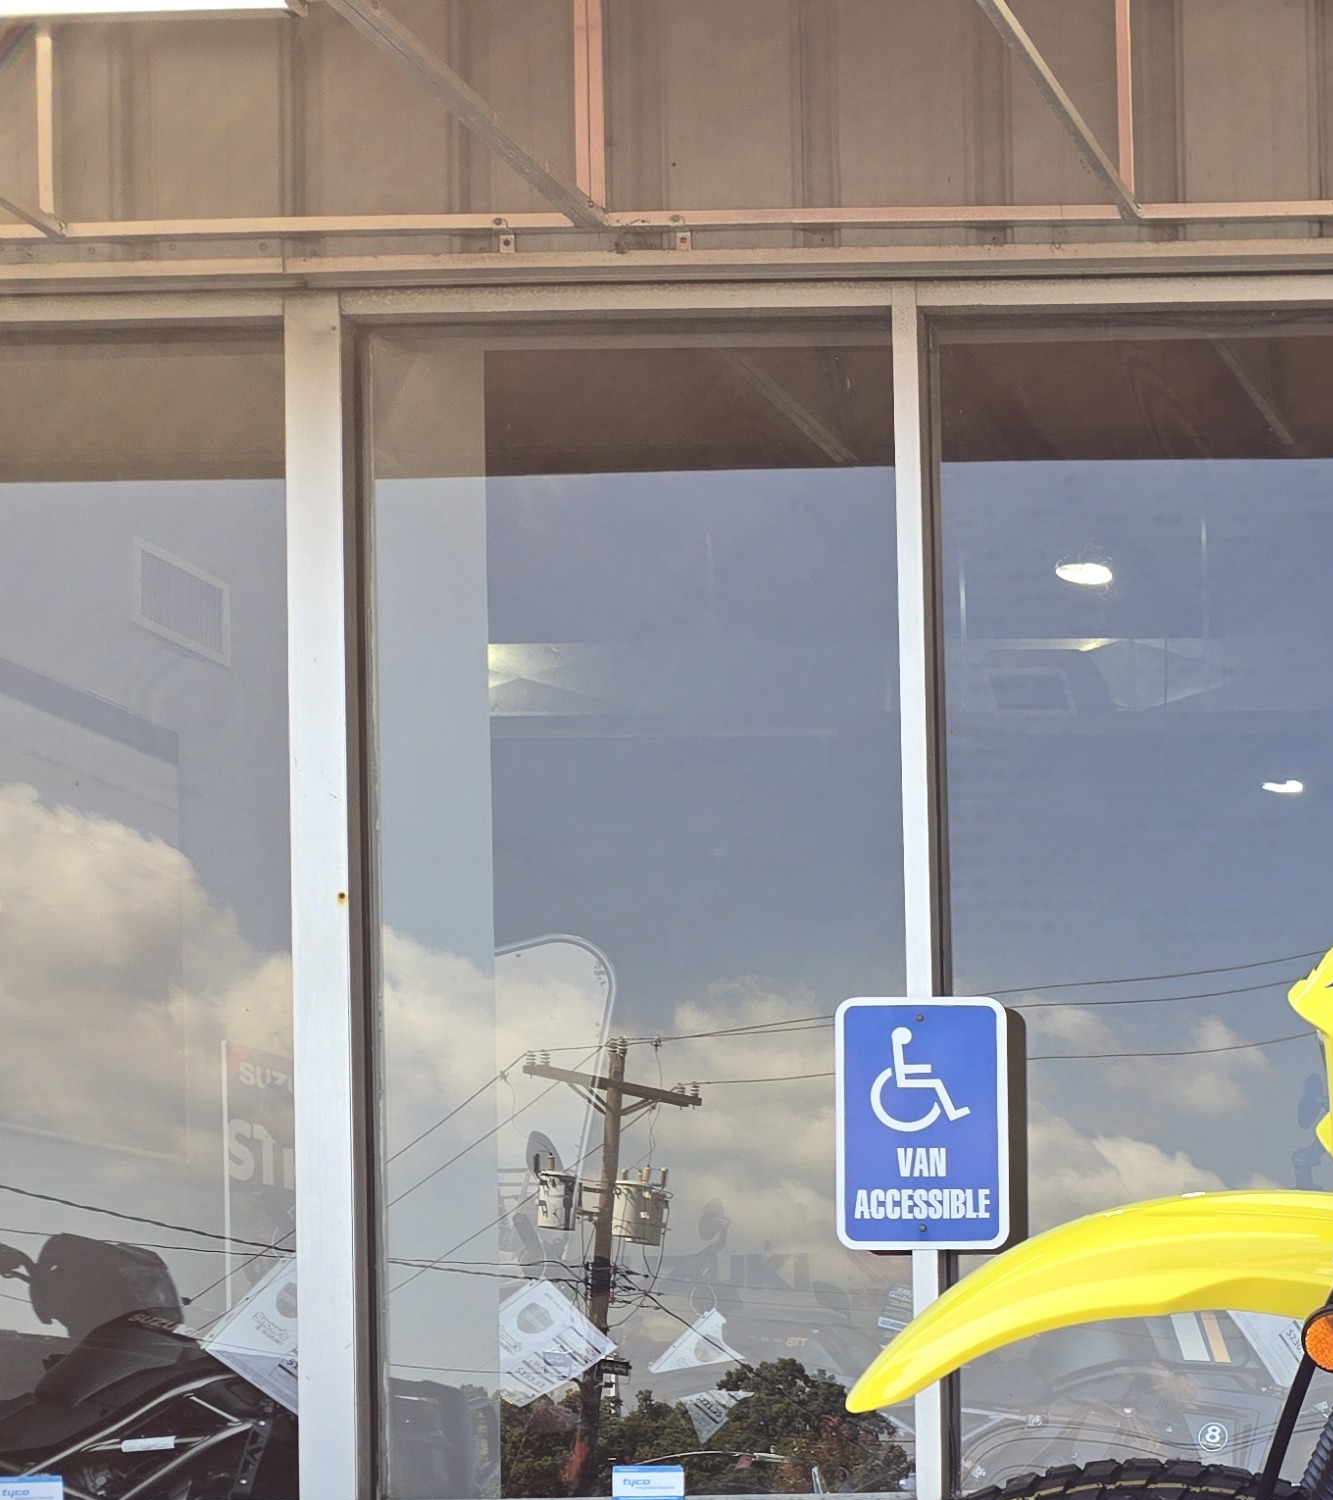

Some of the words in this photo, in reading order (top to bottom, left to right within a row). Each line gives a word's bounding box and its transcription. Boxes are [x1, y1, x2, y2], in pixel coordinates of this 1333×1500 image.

[896, 1147, 946, 1177] VAN
[854, 1188, 990, 1220] ACCESSIBLE
[127, 1312, 181, 1333] SUZU
[1205, 1425, 1221, 1443] 8
[623, 1478, 650, 1487] tyco
[2, 1489, 30, 1498] tyco
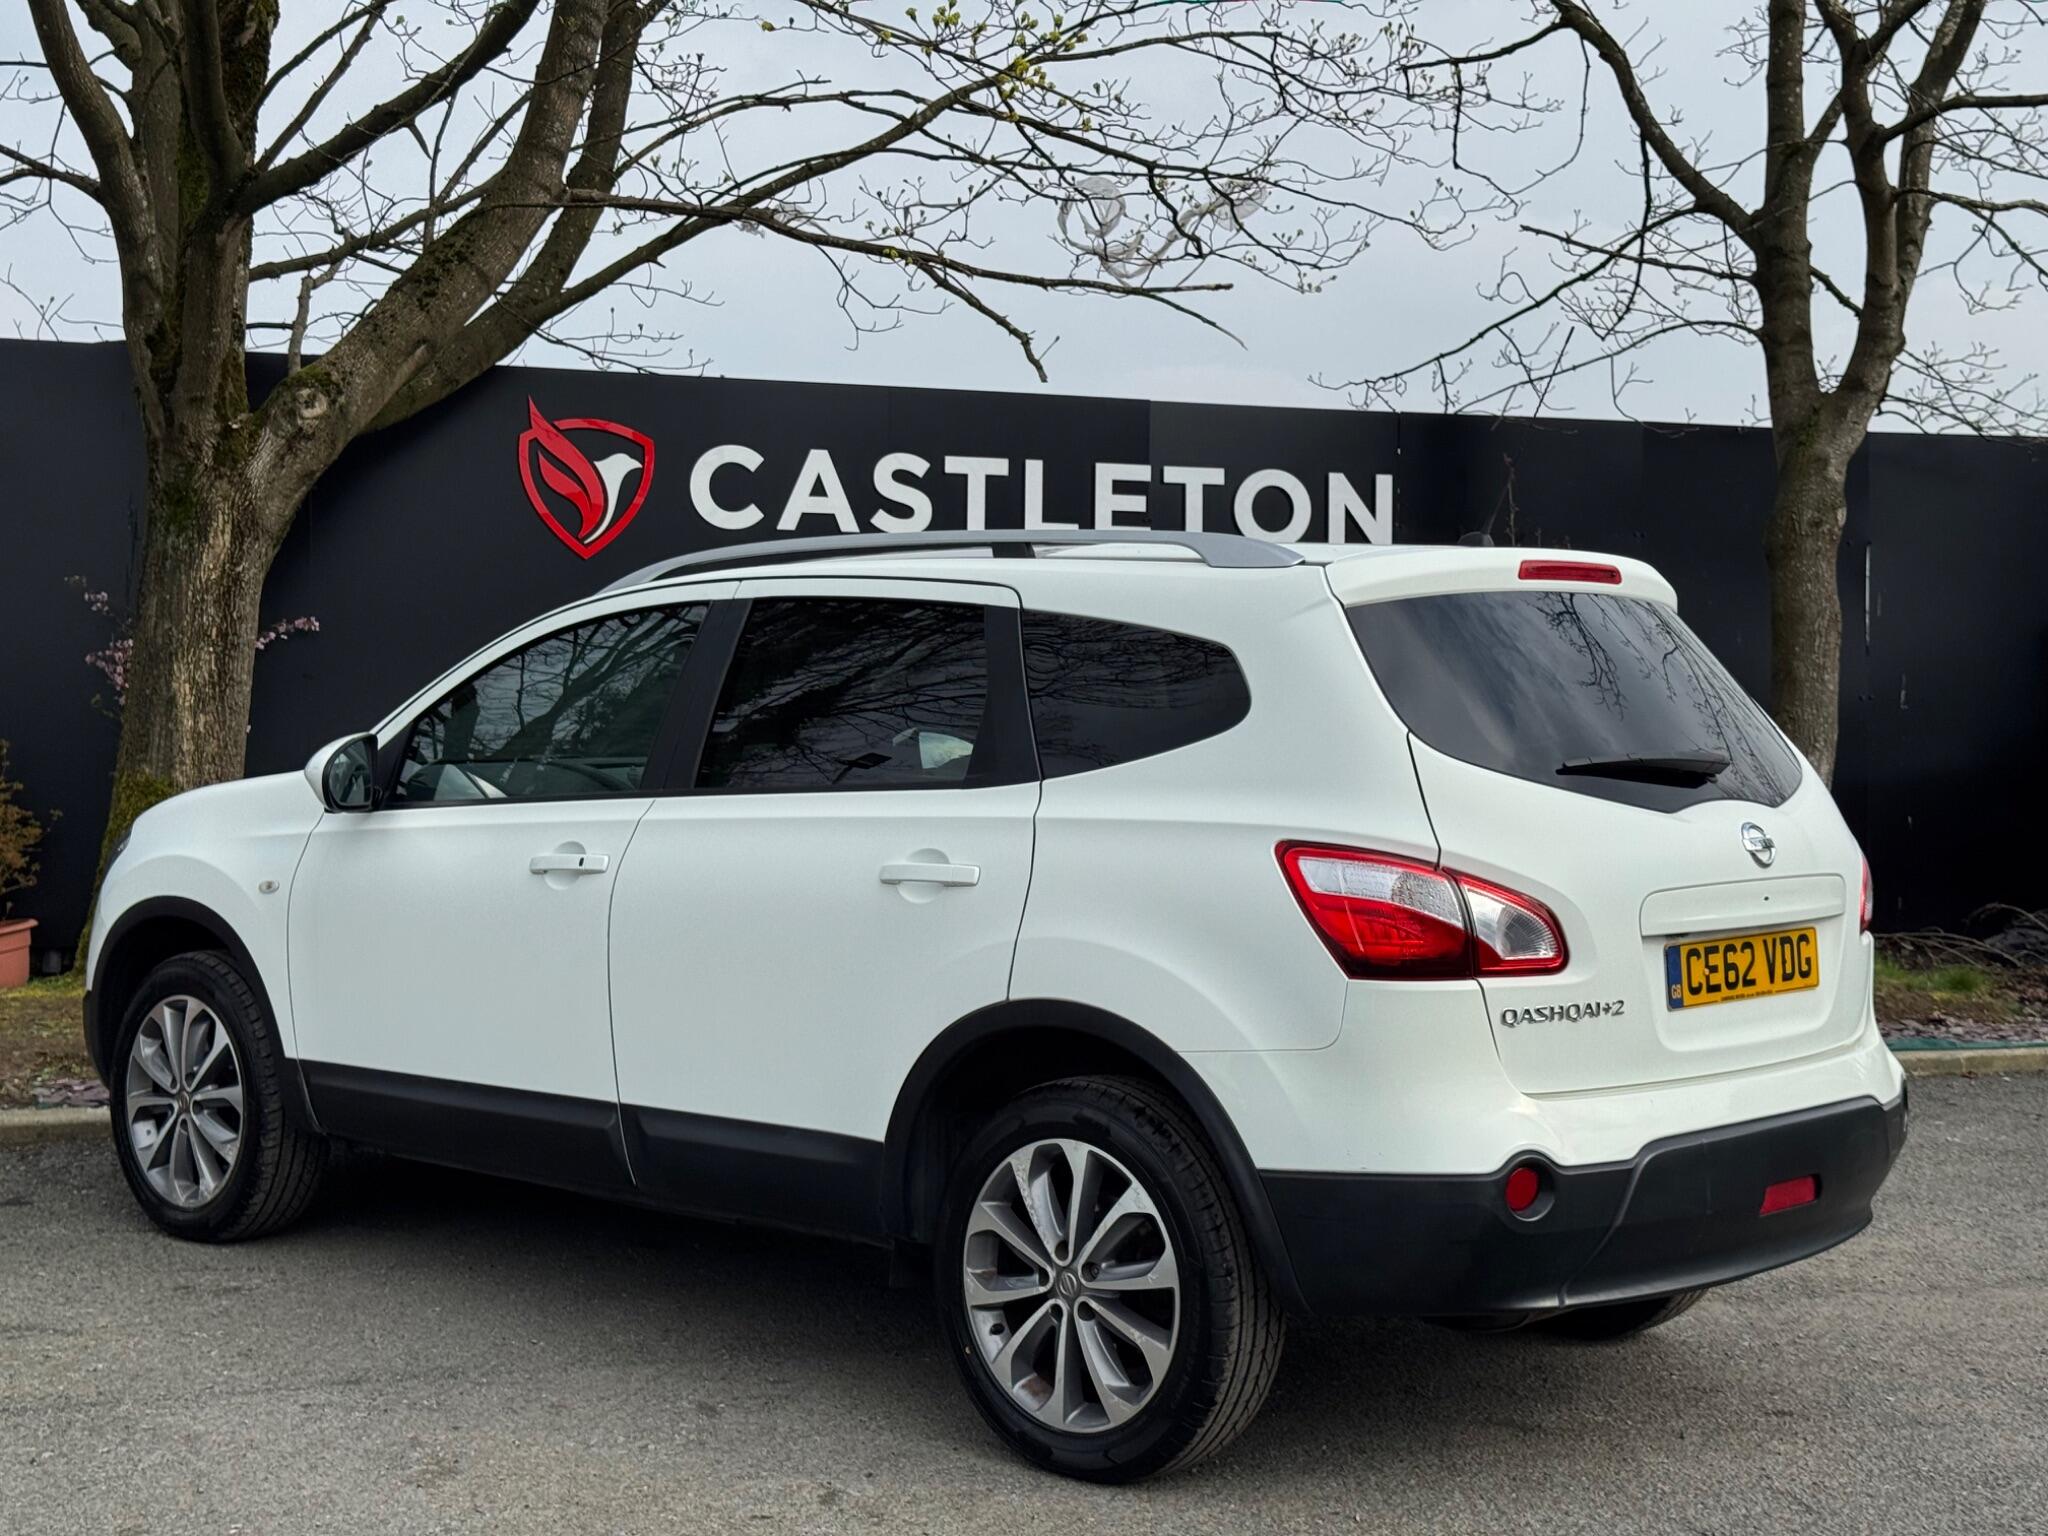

◆ EXERCISE AIM ◆
Could you reproduce the listing above exactly and drop every picture?

◆ TASK SOLUTION ◆
Some of the words in this photo, in reading order (top to bottom, left to right within a row). Each line gives a word's bounding box and its transcription. Boxes are [x1, y1, x2, y2], in pixel coordinates of this 1333×1500 image.

[896, 1147, 946, 1177] VAN
[854, 1188, 990, 1220] ACCESSIBLE
[127, 1312, 181, 1333] SUZU
[1205, 1425, 1221, 1443] 8
[623, 1478, 650, 1487] tyco
[2, 1489, 30, 1498] tyco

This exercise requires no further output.